Philippe Longchamp est aussi un voyageur des petits chemins capable de transformer la ville de La Roche-Sur-Yon en "Ville du jardin des latitude".
Enchanteur du quotidien, Philippe Longchamp écrit des petits carnets de voyage impressionnistes qui décèlent l'insolite ou un moment éphémère, une personne ou un lieu caché..
Je vous livre quelques poèmes de celui que j'ai eu l'occasion de rencontrer dans la Médiathèque où je travaille...
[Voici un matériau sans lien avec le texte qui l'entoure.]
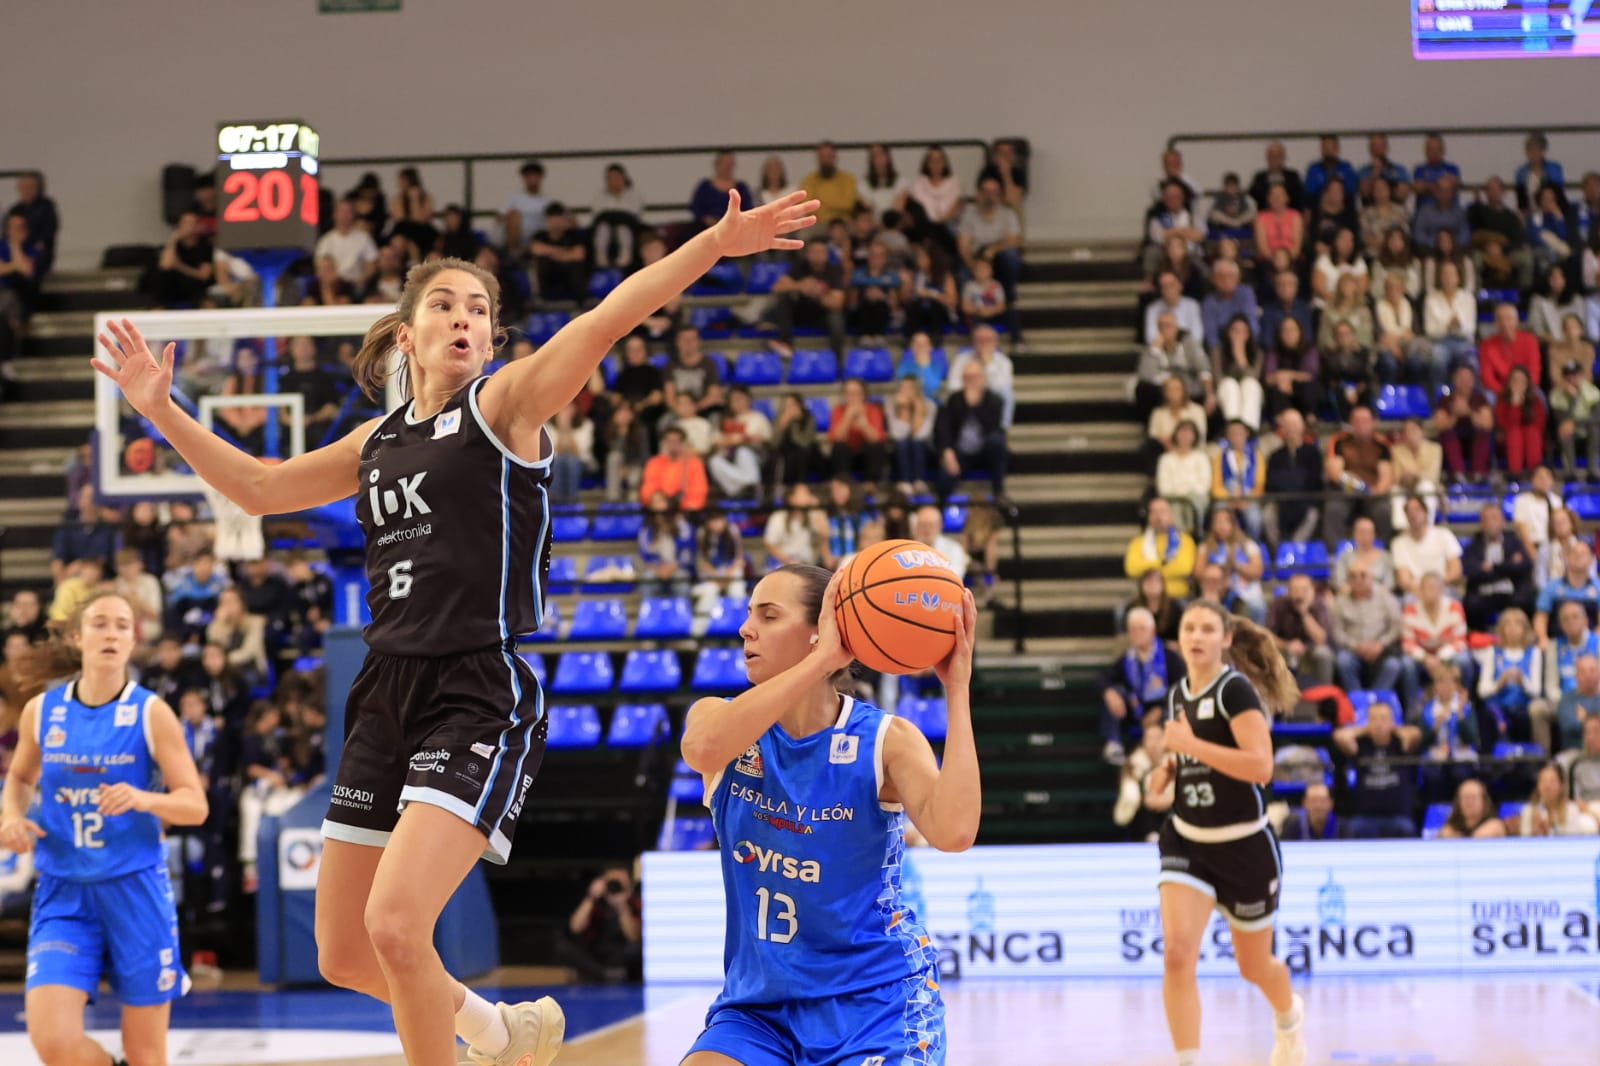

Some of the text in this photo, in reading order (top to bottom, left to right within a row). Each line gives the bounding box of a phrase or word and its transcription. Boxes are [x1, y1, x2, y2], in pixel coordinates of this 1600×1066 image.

[218, 123, 300, 153] 07:17
[223, 169, 295, 222] 20
[377, 522, 432, 546] elektronika
[387, 559, 414, 600] 6
[342, 799, 373, 811] COUNTRY
[1183, 782, 1216, 807] 33
[796, 804, 807, 822] Y
[811, 802, 854, 821] LEÓN
[71, 811, 105, 848] 12
[755, 886, 799, 944] 13
Des pas de crabe sur du jaune, Cheyne Editeur


"Elle est du temps des cerceaux en bois, des
crécelles et des poupées à tête de porcelaine
peinte, elle n'oublie jamais ça. Non plus
qu'elle s'est comme chacun abondamment
trompée, ramassée toute seule avec les
genoux couronnés et des meurtrissures à
l'intérieur de la tête.C'est que depuis aussi
longtemps qu'elle se souvienne, c'est à dire
huit ou neuf décennies, elle a toujours
voulu bouger, toujours cherché à voir
par-dessus les épaules, ou les palissades,
toujours écouté ce qui faisait mourir ou rire
ou jouir ou courir ou pleurer les quidams.
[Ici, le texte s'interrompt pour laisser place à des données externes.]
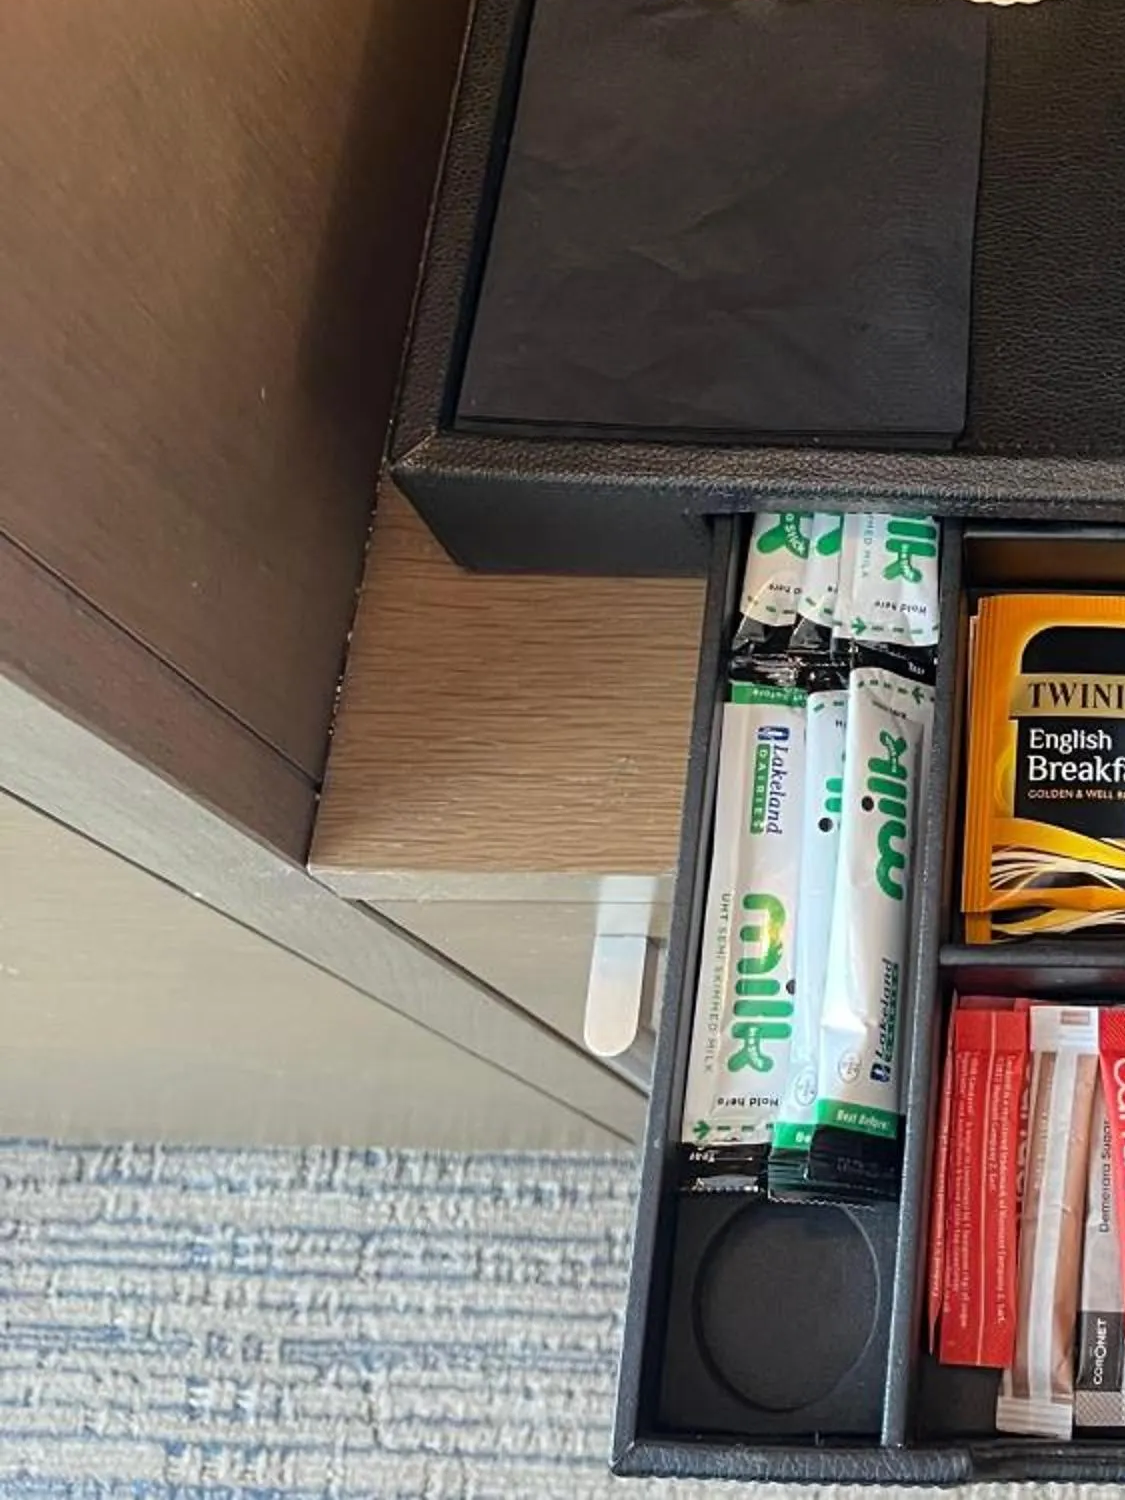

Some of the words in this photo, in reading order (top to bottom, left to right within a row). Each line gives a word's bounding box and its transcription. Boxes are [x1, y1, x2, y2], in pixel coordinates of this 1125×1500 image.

[899, 601, 927, 615] Hold
[1029, 728, 1113, 754] English
[753, 748, 769, 828] DAIRIES
[766, 744, 789, 835] Lakeland
[1027, 788, 1074, 800] GOLDEN
[1076, 789, 1083, 799] &
[1086, 789, 1114, 801] WELL
[861, 729, 908, 901] milk
[719, 892, 731, 922] UHT
[708, 965, 724, 1031] SKIMMED
[727, 893, 796, 1073] milk
[874, 957, 894, 1060] Lakeland
[703, 1037, 718, 1075] MILK
[717, 1096, 746, 1107] here
[749, 1097, 779, 1107] Hold
[795, 1131, 812, 1144] Be
[1098, 1163, 1111, 1233] Demerara
Et ainsi, maintenant, elle sait assez bien
entendre quand on lui parle. Dans le
temps, bien sûr, elle a froncé les sourcils.
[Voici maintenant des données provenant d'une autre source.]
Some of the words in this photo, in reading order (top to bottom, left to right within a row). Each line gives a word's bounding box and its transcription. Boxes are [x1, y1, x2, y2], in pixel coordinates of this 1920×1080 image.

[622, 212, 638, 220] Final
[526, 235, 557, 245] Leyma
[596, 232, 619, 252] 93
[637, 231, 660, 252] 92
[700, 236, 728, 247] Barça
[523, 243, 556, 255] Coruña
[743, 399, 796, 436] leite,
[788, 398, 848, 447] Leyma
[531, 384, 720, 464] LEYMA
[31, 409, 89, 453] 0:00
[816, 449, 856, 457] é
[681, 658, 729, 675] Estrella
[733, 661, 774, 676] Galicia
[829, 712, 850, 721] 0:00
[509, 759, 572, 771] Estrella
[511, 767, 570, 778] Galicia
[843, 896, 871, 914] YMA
Maintenant, plus jamais. Si quelqu'un lui
crache, si quelqu'un lui crie, si quelqu'un
lui pleure, elle peut entendre, elle sent
comme ça descend dans sa gorge, comme
c'est autre chose qu'un discours qui lui
est fait, que c'est une détresse jetée là qui
ferait bouchon en un rien de temps si elle
n'était pas si ouverte, ses portes du dedans
ouvertes.
Elle sait combien on peut se mentir puis
déchirer ou se déchirer quand on s'enferme
dans des mots trops bleus chaque fois qu'on
est au contact sur les parvis des églises,
les marchés couverts en fin de journée,
les salles d'attente des hôpitaux ou les
réfectoires des hospices. Et ainsi, main-
tenant, si on lui parle, elle sait à peu près
comment s'ouvrir pour laisser entrer les
mots, châtaignes pas toujours dégagées de
leur bogue.
Ce qu'elle aime, ensuite, c'est aller s'asseoir
à la hauteur des écluses, voir comment les
péniches chaque fois sombrent au-dessous
du double quai dans le bruit du bouillon-
nement, puis les vantaux d'aval s'écartent et
on voit glisser dans le silence ces dizaines
de tonnes comme feuille morte sur l'eau
redevenue immobile"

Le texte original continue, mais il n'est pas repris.